• **Exercise details**:
Every line of the material must be given again verbatim. Skip the images.

Start of Block

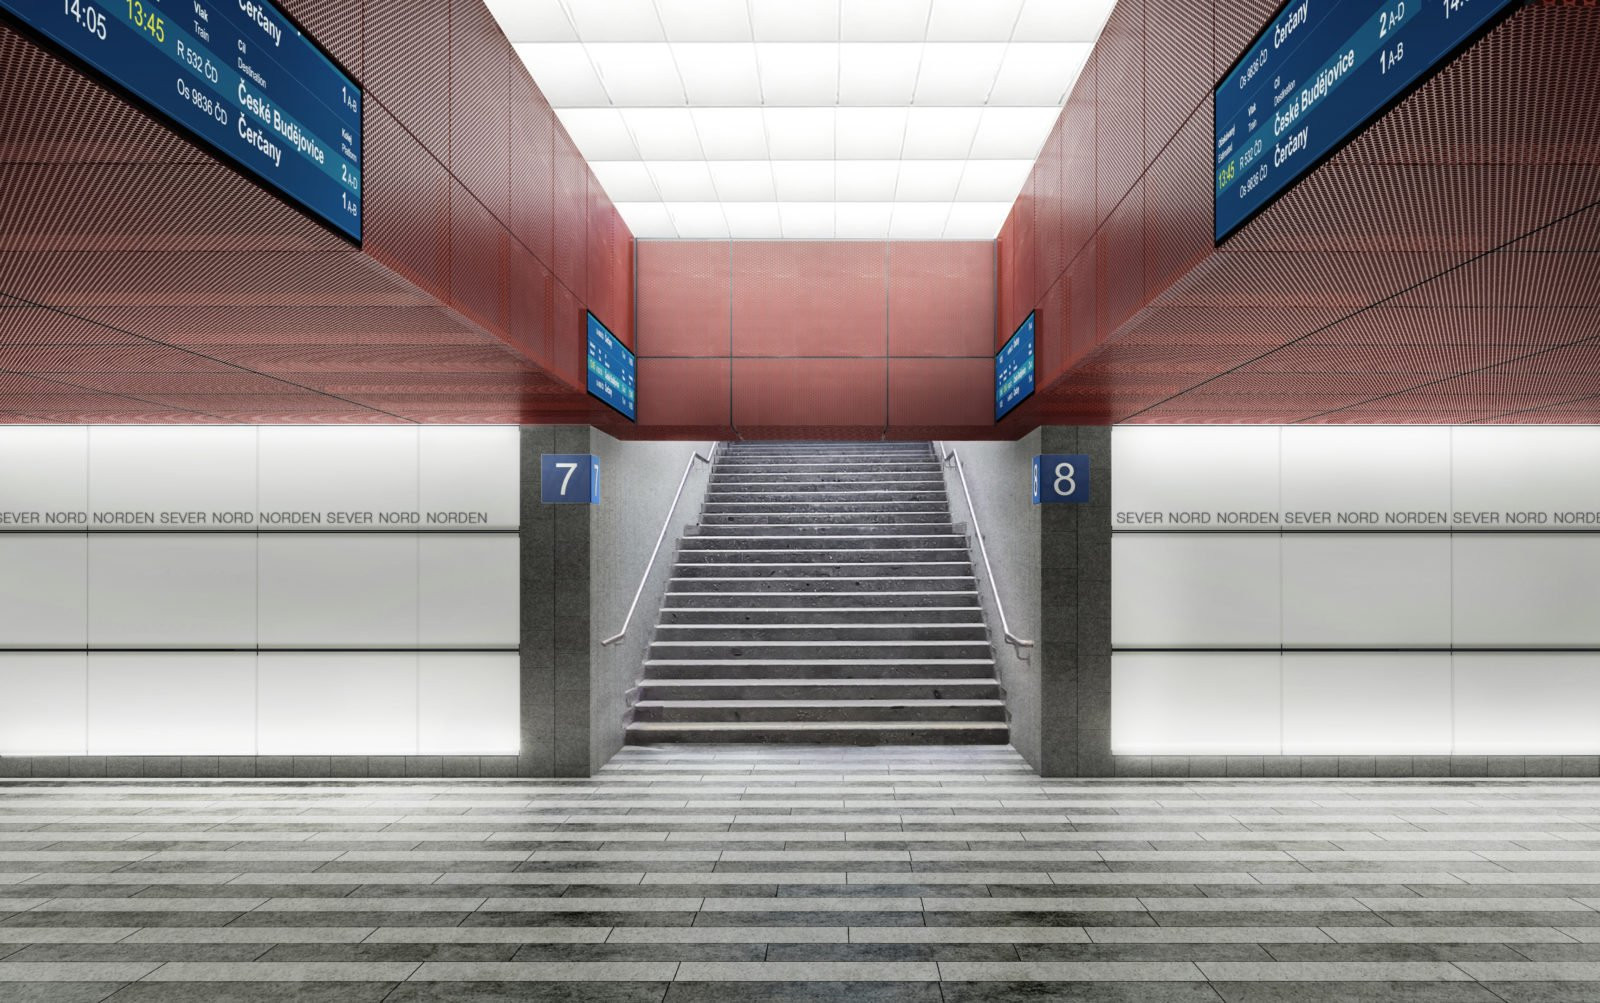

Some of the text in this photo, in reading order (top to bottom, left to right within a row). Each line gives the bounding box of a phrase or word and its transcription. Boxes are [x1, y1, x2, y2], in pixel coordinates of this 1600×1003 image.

[64, 0, 107, 40] 14:05
[122, 0, 165, 42] 13:45
[1379, 1, 1405, 38] 2 A-D
[177, 40, 218, 84] R 532 ČD
[1379, 41, 1404, 74] 1 A-B
[176, 77, 228, 126] Os 9836 ČD
[342, 85, 347, 104] 1
[1274, 97, 1300, 137] České
[1301, 49, 1355, 112] Budějovice
[237, 111, 282, 168] Čerčany
[238, 77, 325, 165] České Budějovice
[1274, 126, 1309, 168] Čerčany
[341, 163, 347, 182] 2
[342, 191, 347, 210] 1
[555, 462, 578, 496] 7
[1053, 462, 1076, 496] 8
[0, 511, 488, 524] EVER NORD NORDEN SEVER NORD NORDEN SEVER NORD NORDEN
[1116, 511, 1163, 524] SEVER
[1168, 511, 1211, 524] NORD
[1217, 511, 1279, 524] NORDEN
[1284, 511, 1331, 524] SEVER
[1337, 511, 1379, 524] NORD
[1385, 511, 1447, 524] NORDEN
[1452, 511, 1500, 524] SEVER
[1505, 511, 1548, 524] NORD
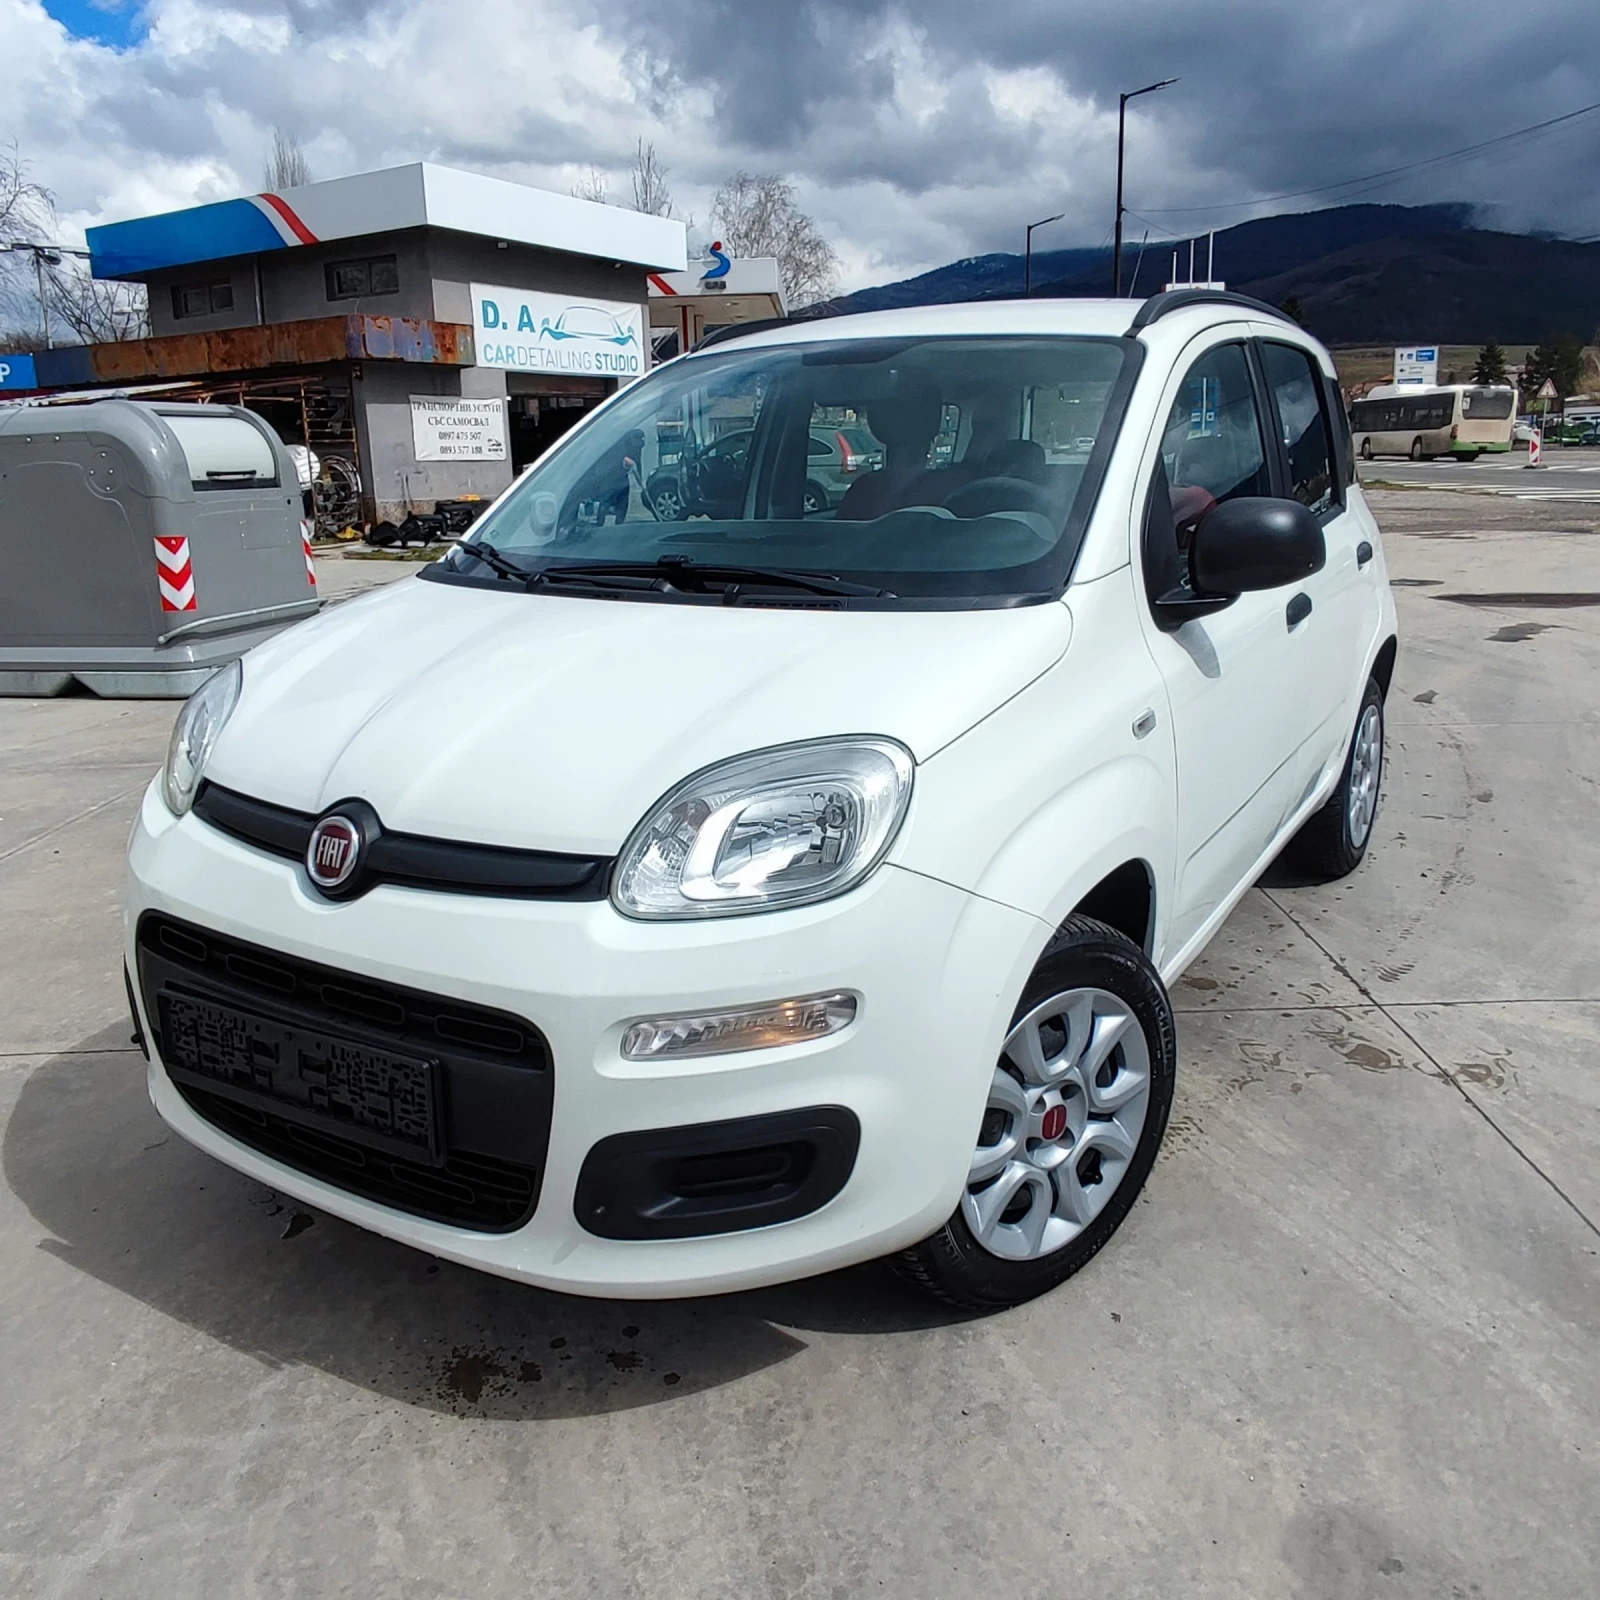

End of Block

• **Response below**:
Some of the text in this photo, in reading order (top to bottom, left to right within a row). Each line gives the bounding box of a phrase or word and its transcription. Boxes are [x1, y1, x2, y2], in pixel coordinates of this 1600×1003 image.

[64, 0, 107, 40] 14:05
[122, 0, 165, 42] 13:45
[1379, 1, 1405, 38] 2 A-D
[177, 40, 218, 84] R 532 ČD
[1379, 41, 1404, 74] 1 A-B
[176, 77, 228, 126] Os 9836 ČD
[342, 85, 347, 104] 1
[1274, 97, 1300, 137] České
[1301, 49, 1355, 112] Budějovice
[237, 111, 282, 168] Čerčany
[238, 77, 325, 165] České Budějovice
[1274, 126, 1309, 168] Čerčany
[341, 163, 347, 182] 2
[342, 191, 347, 210] 1
[555, 462, 578, 496] 7
[1053, 462, 1076, 496] 8
[0, 511, 488, 524] EVER NORD NORDEN SEVER NORD NORDEN SEVER NORD NORDEN
[1116, 511, 1163, 524] SEVER
[1168, 511, 1211, 524] NORD
[1217, 511, 1279, 524] NORDEN
[1284, 511, 1331, 524] SEVER
[1337, 511, 1379, 524] NORD
[1385, 511, 1447, 524] NORDEN
[1452, 511, 1500, 524] SEVER
[1505, 511, 1548, 524] NORD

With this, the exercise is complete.